Suppose that a recent poll found that \( 62 \% \) of adults believe that the overall state of moral values is poor. Complete parts (a) through (c). (a) For 150 randomly selected adults, compute the mean and standard deviation of the random variable \( X \), the number of adults who believe that the overall state of moral values is poor. The mean of \( X \) is \( \square \). (Round to the nearest whole number as needed.)

To find the mean and standard deviation of the random variable \( X \) representing the number of adults who believe that the overall state of moral values is poor, we can use the properties of a binomial distribution. The mean \( \mu \) is given by the formula: \[ \mu = n \times p \] where \( n \) is the number of trials (in this case, 150 adults) and \( p \) is the probability of success (here, \( 0.62 \)). Calculating this: \[ \mu = 150 \times 0.62 = 93 \] So, the mean of \( X \) is \( 93 \).
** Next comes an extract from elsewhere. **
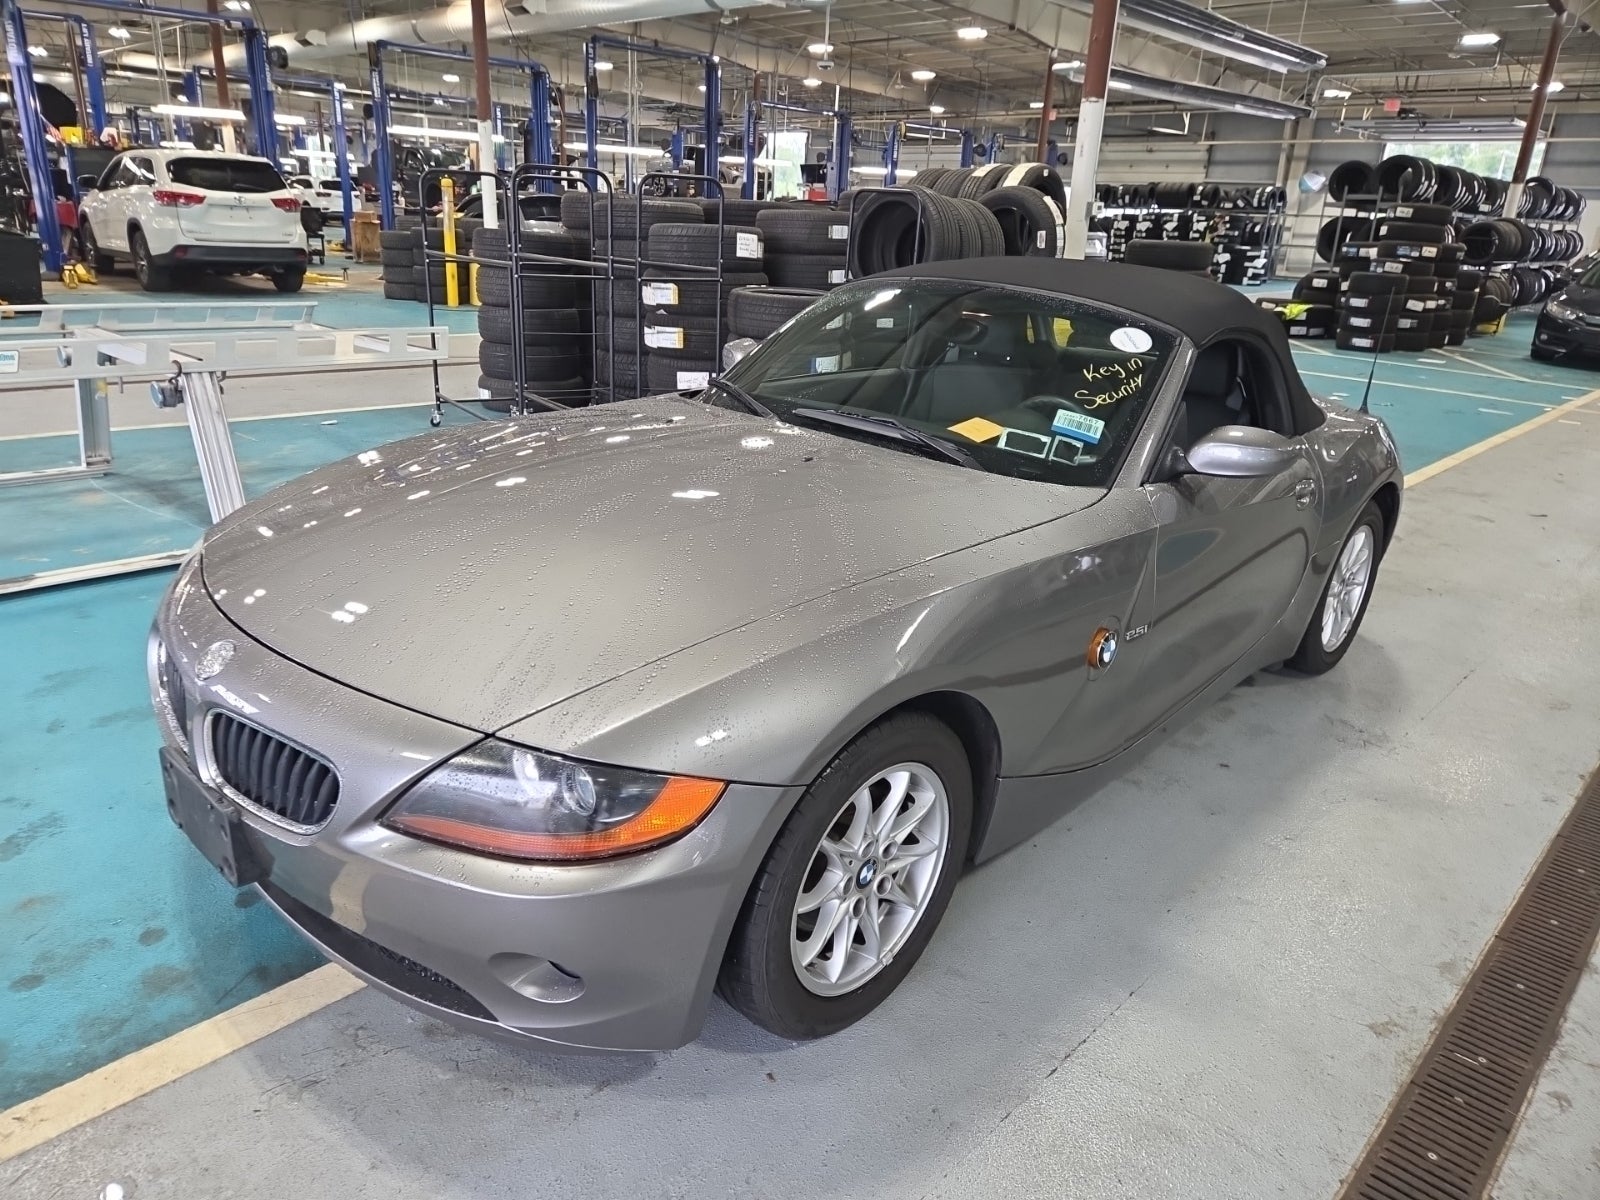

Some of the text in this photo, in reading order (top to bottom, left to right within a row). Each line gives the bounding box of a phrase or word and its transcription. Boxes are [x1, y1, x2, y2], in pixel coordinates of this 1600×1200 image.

[81, 22, 93, 64] ROTARY LIFT
[1082, 363, 1126, 382] Key
[1074, 374, 1143, 409] Security
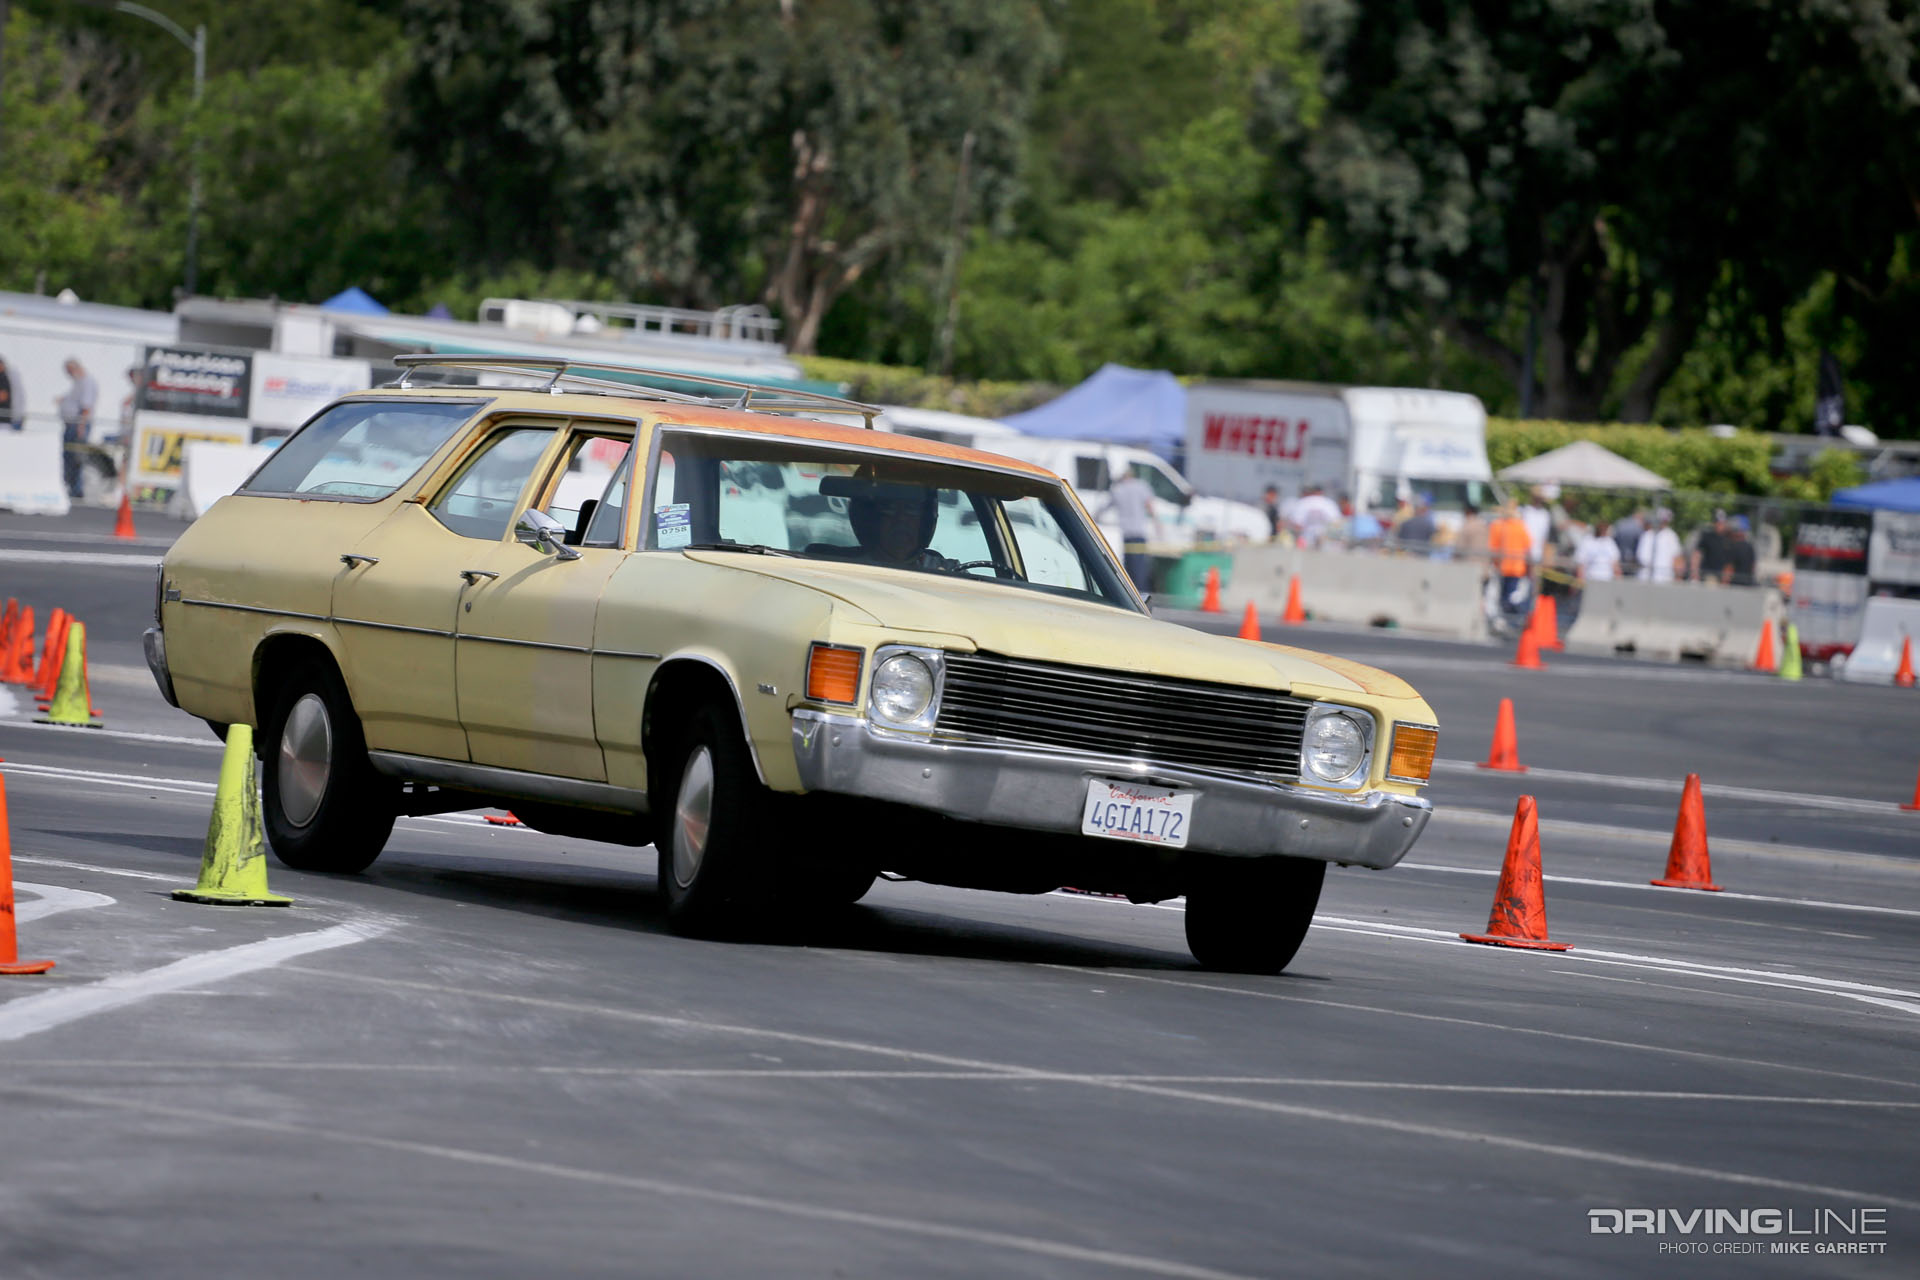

Next, we calculate the standard deviation \( \sigma \), which is given by the formula: \[ \sigma = \sqrt{n \times p \times (1 - p)} \] Let's calculate: \[ \sigma = \sqrt{150 \times 0.62 \times (1 - 0.62)} = \sqrt{150 \times 0.62 \times 0.38} \] \[ \sigma \approx \sqrt{35.34} \approx 5.95 \] In conclusion, the mean number of adults who believe that moral values are poor is \( 93 \) and the standard deviation is approximately \( 6 \) (rounded to the nearest whole number).